Entre alrededor del 24 de julio de 2015 y alrededor del 26 de julio de 2016, interceptaciones de comunicaciones autorizadas judicialmente de Colombia y los Estados Unidos captaron a PAREDES, MEJÍA, PAYÁN, CABEZA, OROBIO, PINEDA y OLMEDO hablando entre sí y con otros coconspiradores, incluso Martínez, sobre asuntos de los diez embarques de cocaína que se describieron anteriormente.

Cada uno de los acusados individualmente no tomó parte en cada uno de los diez embarques de cocaína, más bien, conforme se describe a continuación, todos los Acusados participaron, en diferentes momentos en el curso del concierto para delinquir en la planificación y/o ejecución de los zarpes de los embarques de cocaína que fueron incautados.

Las descripciones que se indican a continuación son representativas de las interceptaciones de comunicaciones autorizadas judicialmente entre los Acusados y sus coconspiradores en relación con las diez incautaciones. 11. En relación con la incautación del 24 de julio de 2015 (Incautación 1), el 12 de julio de 2015, las autoridades del orden público colombianas realizaron una interceptación autorizada judicialmente de la siguiente comunicación entre Martínez y PAREDES en la que hablaban sobre las lanchas rápidas (que se estaban usando para la operación) que estaban listas para ser despachadas. 12.

En relación con la incautación del 12 de octubre de 2015 (Incautación 2), las autoridades del orden público colombianas realizaron una interceptación autorizada judicialmente de las siguientes comunicaciones: 1 de octubre de 2015 - conversación en la que Martínez llama a CABEZA y le pregunta sobre la seguridad de la futura operación y habla sobre la manera en que ellos van a enviar las lanchas; y el 2 de octubre de 2015 - conversación en la que Nombre (sic) desconocido Apellido desconocido, alias "Chavo" habla con PINEDA sobre qué tanta cocaína está resguardada en el lugar. 13.

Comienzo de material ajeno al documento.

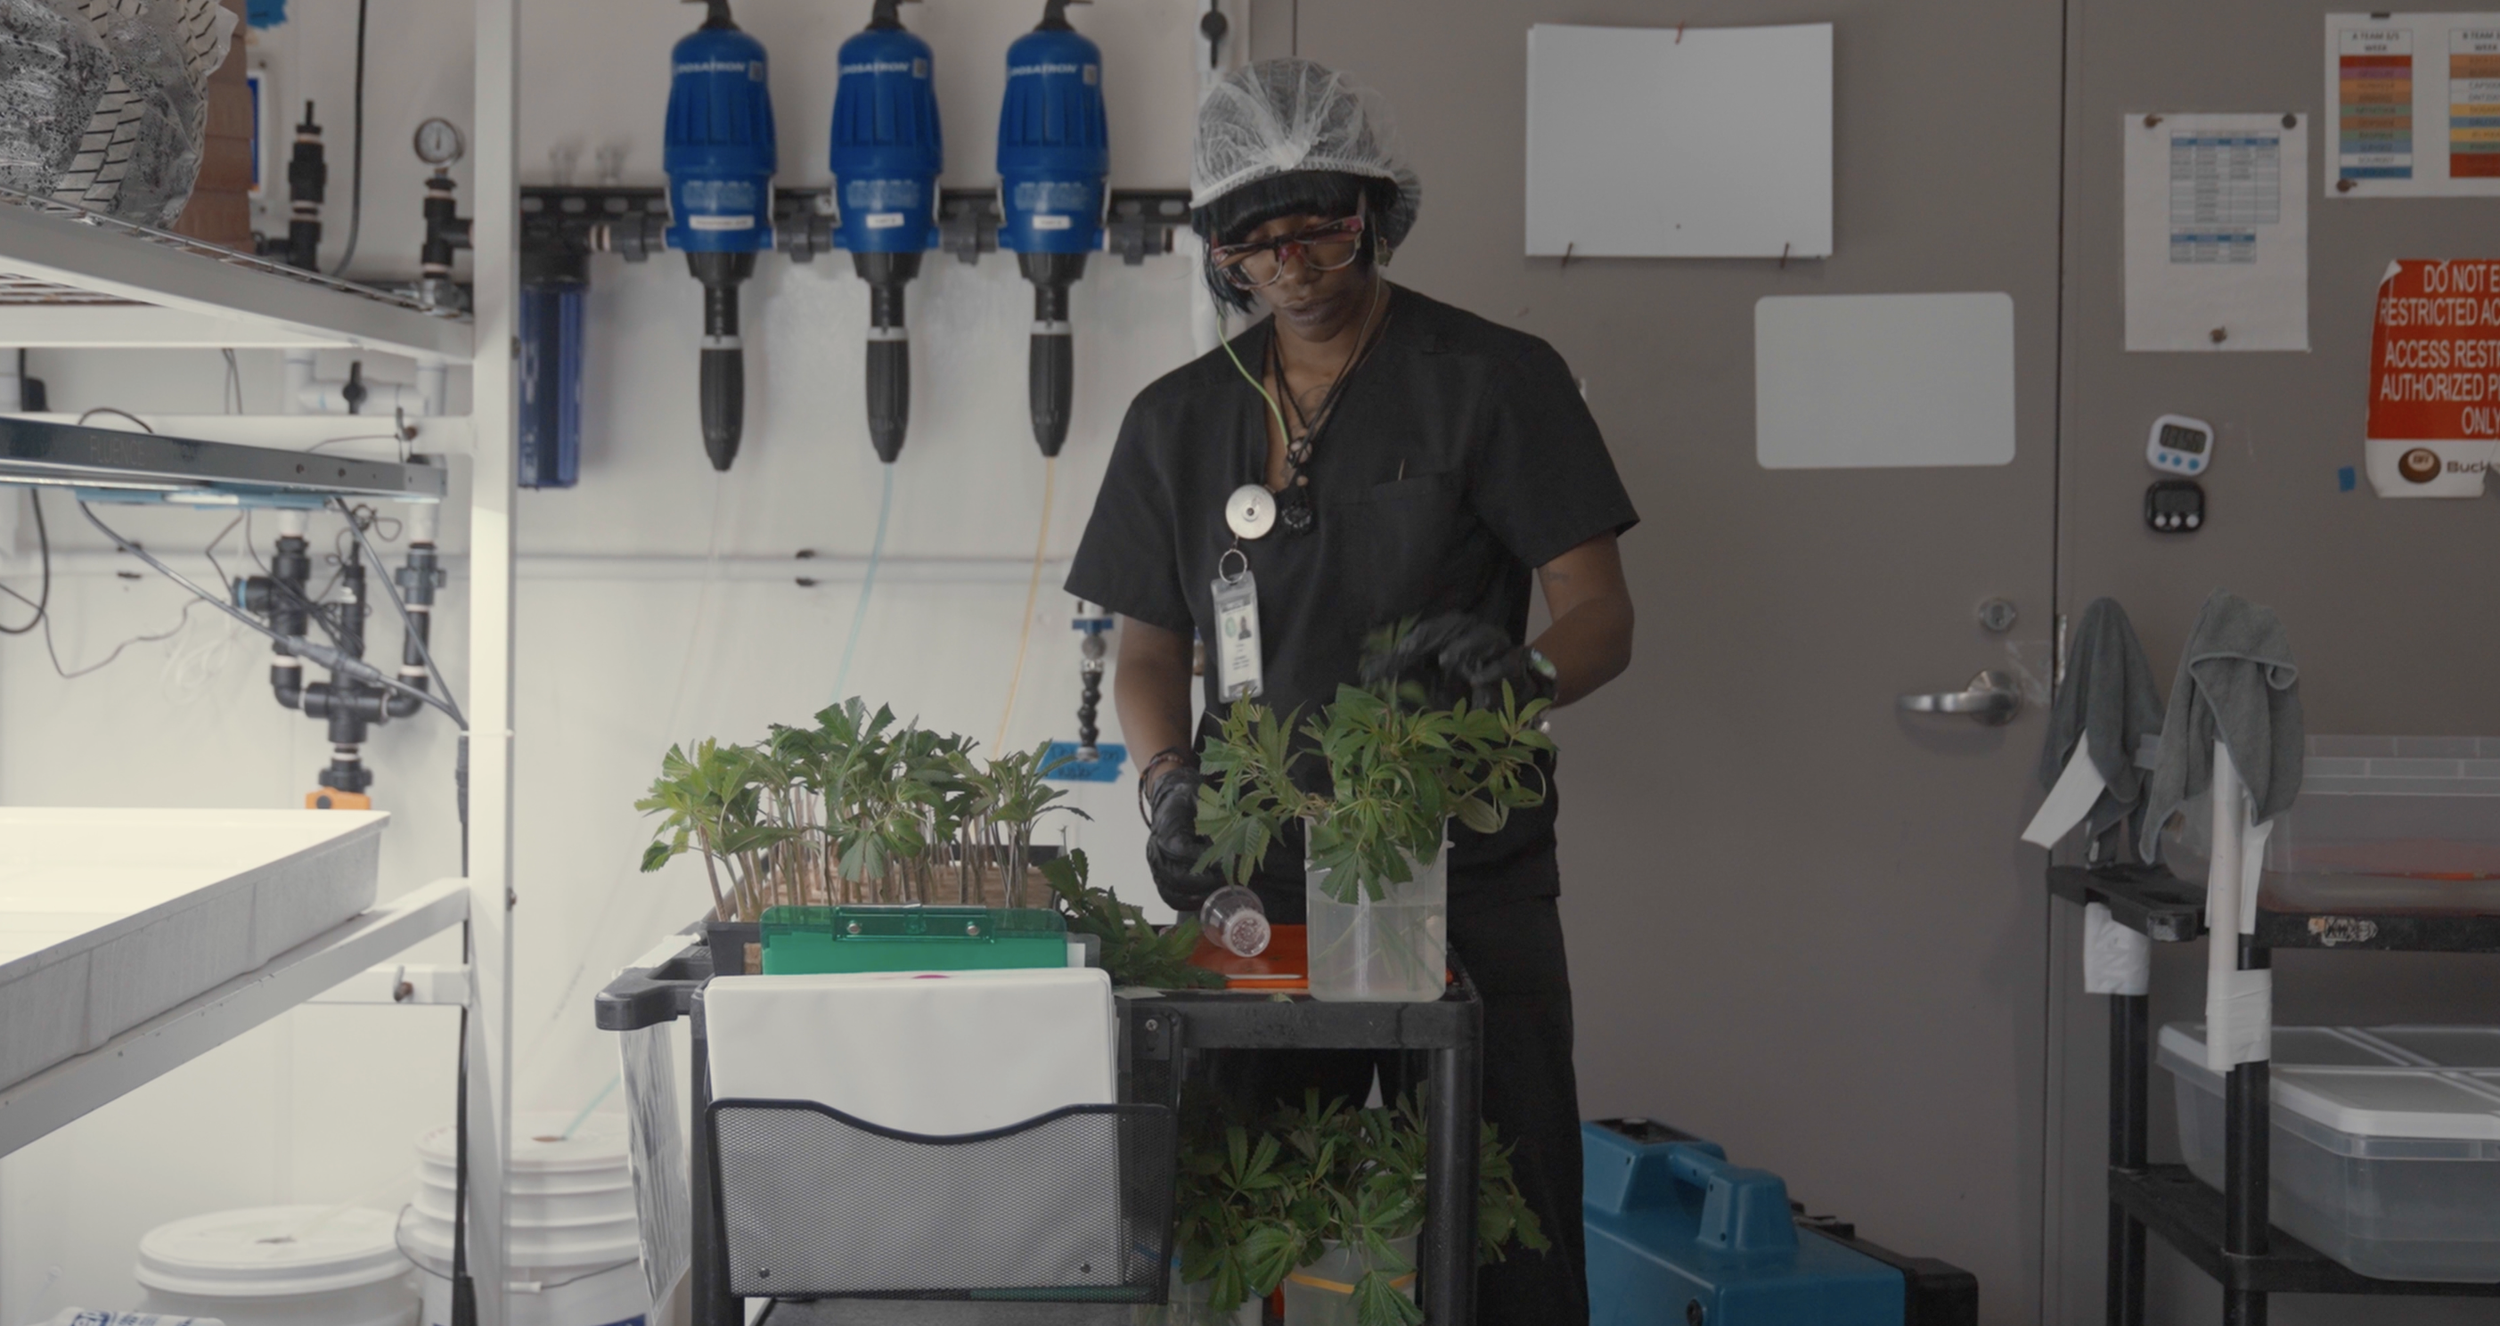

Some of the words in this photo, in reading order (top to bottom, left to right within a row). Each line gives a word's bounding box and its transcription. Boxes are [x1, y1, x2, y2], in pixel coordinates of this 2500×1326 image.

En relación con la incautación del 8 de marzo de 2016 (Incautación 3), las autoridades del orden público colombianas realizaron una interceptación autorizada judicialmente de las siguientes comunicaciones: 29 de febrero de 2016 - CABEZA le llama a OLMEDO y hablan sobre el envío de dos lanchas rápidas con cocaína desde el territorio de OLMEDO y CABEZA le dice a OLMEDO que todo está listo y que él puede despachar las dos lanchas rápidas cuando sea seguro hacerlo (las lanchas rápidas zarpan entre esta llamada y la siguiente); 3 de marzo de 2016 - PAYÁN llama a un tripulante desconocido de la primera lancha rápida y hablan sobre el reabastecimiento de combustible de la lancha; y el 8 de marzo de 2016 - un tripulante de la primera lancha rápida (de dos de los que salieron) llama a PAYÁN y le dice que ellos se encuentran en el punto de transferencia y que la Guardia Costera está allí y PAYÁN le dice que no se muevan y que esperen a la lancha de recepción. 14.

En relación con la incautación del 19 de marzo de 2016 (Incautación 4), las autoridades del orden público colombianas realizaron una interceptación autorizada judicialmente de las siguientes comunicaciones: 10 de marzo de 2016 - Martínez llama a OROBIO y le dice que le diga a la "familia" (PAREDES) que él (Martínez) necesita hablar con él y luego, más tarde el mismo día, OROBIO llama a Martínez y Martínez le pregunta a OROBIO si iban a usar a "Piri" (PAYÁN) para esta empresa y a OROBIO se le escucha hablando con PAREDES, que se encuentra en el fondo, preguntándole (a PAREDES) si pueden usar a "Piri" y PAREDES contesta que pueden hacerlo; y el 10 de marzo de 2016 - Martínez llama a OLMEDO y le dice que se prepare para el día siguiente. 15.

En relación con la incautación del 22 de mayo de 2016 (Incautación 5), las autoridades del orden público de los Estados Unidos realizaron una interceptación autorizada judicialmente de las siguientes comunicaciones: 24 de mayo de 2016 - Martínez y PAYÁN hablan sobre la incautación de esta embarcación, así como también la partida de otra embarcación (que al final fue incautada por la Guardia Costera de los Estados Unidos el 28 de mayo de 2016 en la Incautación 6). 16.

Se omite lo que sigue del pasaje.